In an episode of the TV show "ER," tough emergency room doctor Kerry Weaver gives a $500 medication to a patient whose blood does not clot properly. A few days later, the man returns to the emergency room to complain that his HMO will not pay for the drug, insisting that he take a less expensive but less effective generic instead.

Incensed, Weaver telephones the health plan and screams that its decision is foolish, that her patient will have to be admitted to the hospital at far greater cost if he cannot take the best medicine. The HMO refuses to relent.

The recent plot line on one of the nation's most popular television programs plays to -- and reinforces -- widespread frustration with the state of health care in this country. It also helps to explain why the House voted resoundingly Thursday to grant patients a new set of rights to increase their clout against health maintenance organizations, including broad freedom to sue HMOs that deny them the care they want. Justified or not, anger with managed care has penetrated American culture so deeply that it drowned out long and well-funded protests by insurance and business lobbyists.

Even for a country with ebbing faith in many of its basic institutions, managed care holds an exceptionally low berth in public esteem.

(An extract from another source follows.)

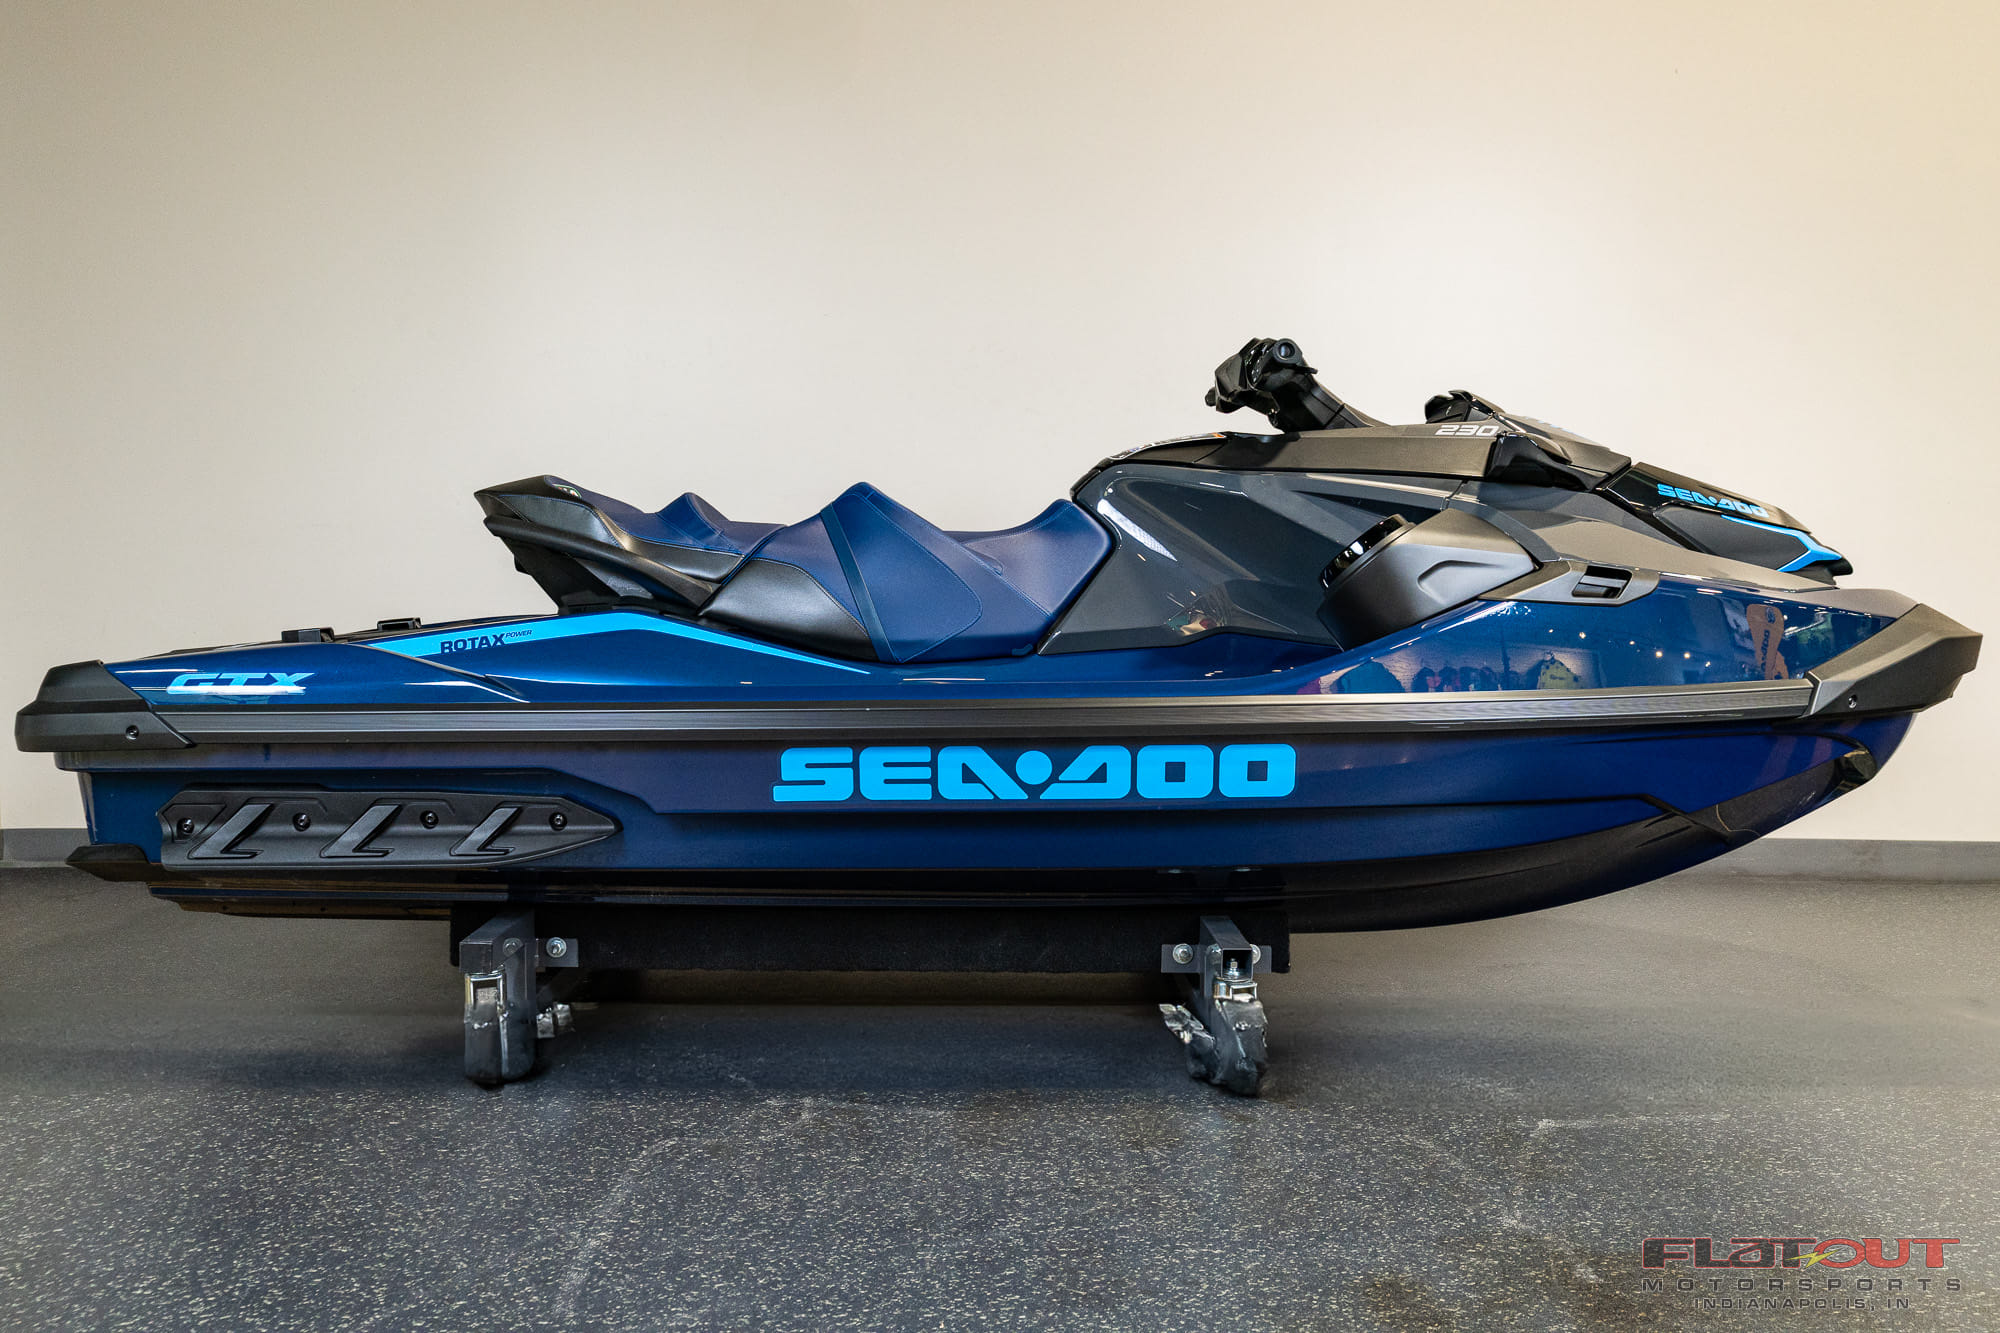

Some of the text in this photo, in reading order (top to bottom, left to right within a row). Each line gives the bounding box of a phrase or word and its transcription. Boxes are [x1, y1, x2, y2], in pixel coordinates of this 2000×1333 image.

Although medical evidence is mixed on whether people in such arrangements are better or worse off, only 45 percent of Americans believe that managed-care companies treat consumers well, according to one recent survey. In contrast, more than 70 percent give good ratings to car manufacturers, telephone companies and banks. Such mistrust is especially striking because HMOs were born in a burst of idealism by progressives who viewed them as a path to better medicine.

Why their reputation has sunk so low can be explained partly by peculiarly American expectations of the U.S. health care system: a sense of entitlement and an infatuation with newfangled medical technology not common among patients in many other Western countries. "Health policy experts are constantly talking about rationing and setting limits and balancing costs and the benefits of care, but for the average American those are just ridiculous notions," said Larry Levitt, a senior policy analyst at the Kaiser Family Foundation, which sponsors public opinion research on health care. "When they are sick, they want it, and they want it now."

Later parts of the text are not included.